Kepalaku menoleh kesamping, melihat Ibu yang kini membalas tatapanku. "Bu, keberatan jika Vivi sama Ibu bicara berdua sebentar?"

Ibu menatapku bingung. "Ada apa Vi?"

Tanpa menjawab Ibu, aku beralih menatap mereka bergantian. "Vivi sama Ibu permisi sebentar."

Aku lebih memilih membawa Ibu ke kamarku. Letaknya dilantai dua sehingga memudahkan untuk berbicara berdua tanpa didengar yang lain. Ada banyak hal yang ingin aku tanyakan dan juga bicarakan dengan Ibu.

"Sejak tadi aku bingung, Bu. Sebenarnya acara yang Ibu maksud kemaren adalah makan siang tadi? Lalu hubungannya dengan pernikahan apa? Siapa yang mau menikah?"

Ibu tersenyum geli. "Iya. Acara yang Ibu maksud adalah acara makan siang, sekalian membahas sudah sejauh mana persiapan untuk pernikahan," jawab Ibu yang kemudian terdiam.

"Lalu? Jawaban pertanyaanku berikutnya?"

"Ya, pernikahan anak Bapak sama Ibu lah, siapa lagi."

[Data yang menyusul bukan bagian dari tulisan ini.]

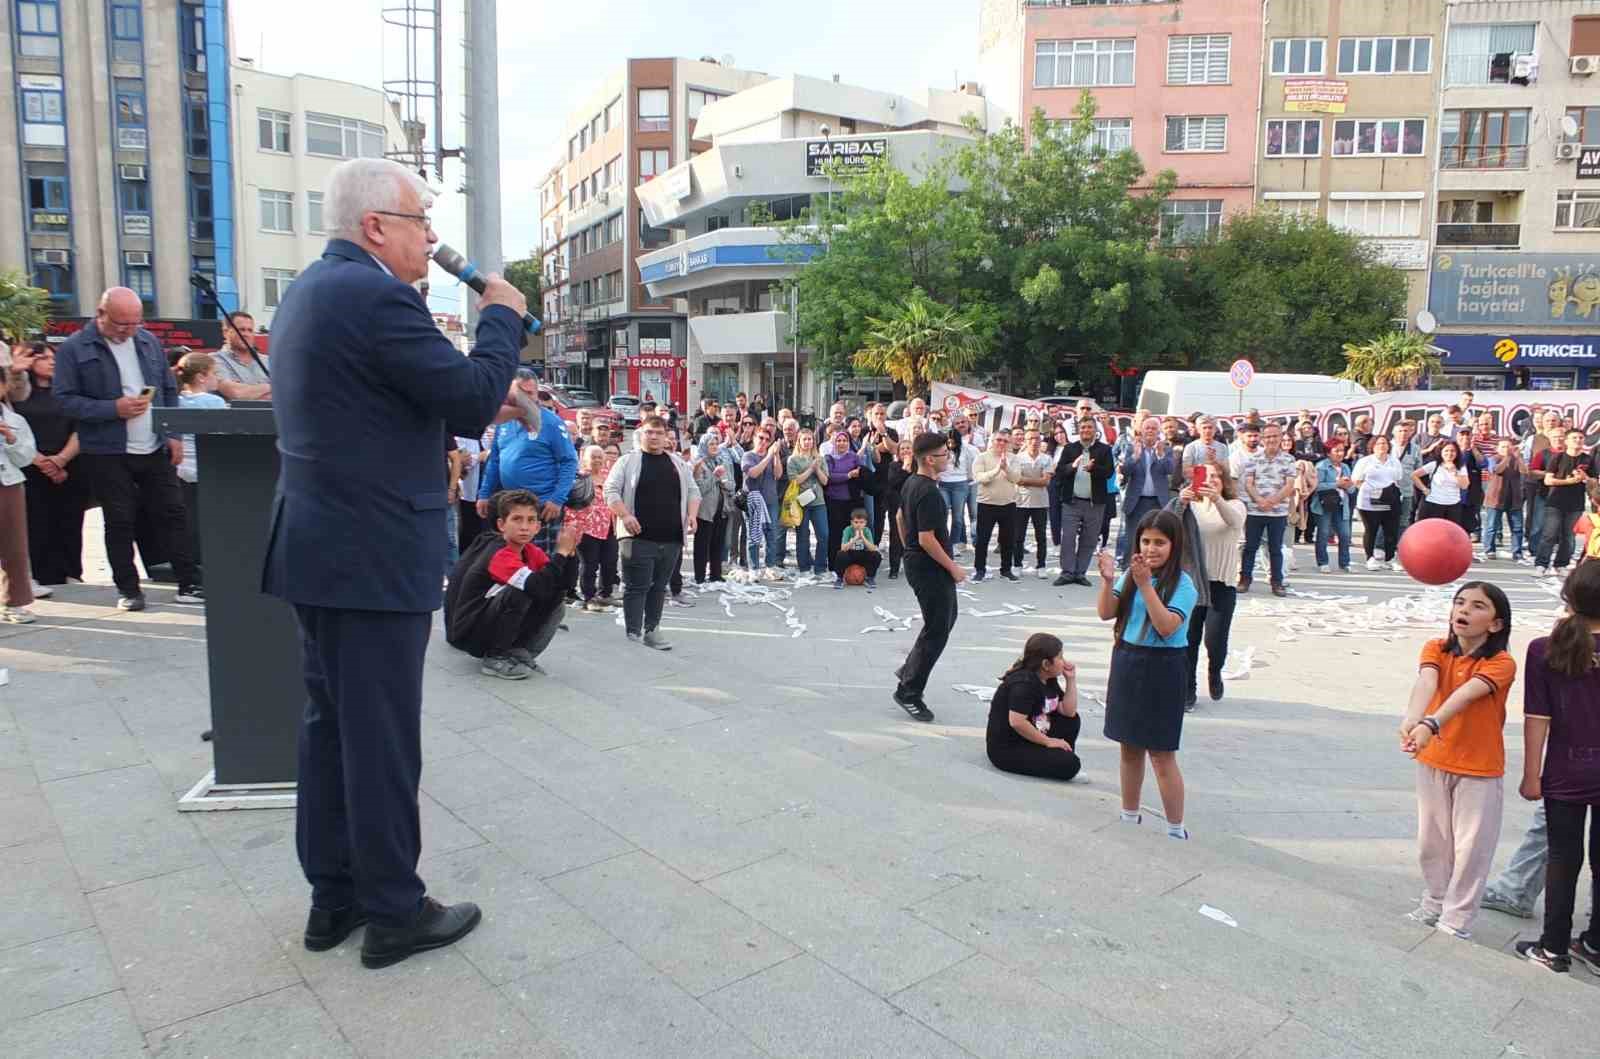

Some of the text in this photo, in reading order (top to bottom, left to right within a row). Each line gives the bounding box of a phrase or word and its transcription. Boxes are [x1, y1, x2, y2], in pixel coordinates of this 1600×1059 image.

[808, 141, 885, 156] SARIBAŞ
[1460, 263, 1547, 279] Turkcell'le
[1459, 280, 1520, 298] bağlan
[1457, 297, 1526, 316] hayata!
[1519, 344, 1597, 358] TURKCELL

Aku mengusap wajahku dengan telapak tangan. Walaupun usianya sudah hampir dua puluh tahun, aku yakin Revan belum sanggup untuk membina rumah tangga. Apalagi dia akan menjadi pemimpin rumah tangganya. Rasanya Revan belum mampu dengan jiwanya yang kadang masih begitu kekanakan.

"Aku bukannya kesal karena dilangkahi. Juga bukan gak mau memberi restu. Tapi bukankah terlalu cepat, Bu? Revan masih terlalu muda untuk menikah. Aku yakin dia bahkan belum mampu untuk memimpin rumah tangganya."

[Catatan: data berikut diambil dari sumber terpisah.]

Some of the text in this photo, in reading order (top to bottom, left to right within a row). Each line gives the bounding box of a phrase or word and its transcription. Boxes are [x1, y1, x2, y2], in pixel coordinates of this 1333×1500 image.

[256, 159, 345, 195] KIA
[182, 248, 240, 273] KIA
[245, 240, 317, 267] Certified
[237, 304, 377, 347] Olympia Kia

Ibu tertawa, menepuk pundakku berkali-kali. "Bukan Revan lah Vi. Dia memang masih kecil dimata Bapak dan Ibu, masih bocah. Kamu yang akan menikah dengan nak Raksa."

Apa?

***

Mas Raksa kenapa sih suka lihat-lihat Vivian begitu? Untung aja mau nikah.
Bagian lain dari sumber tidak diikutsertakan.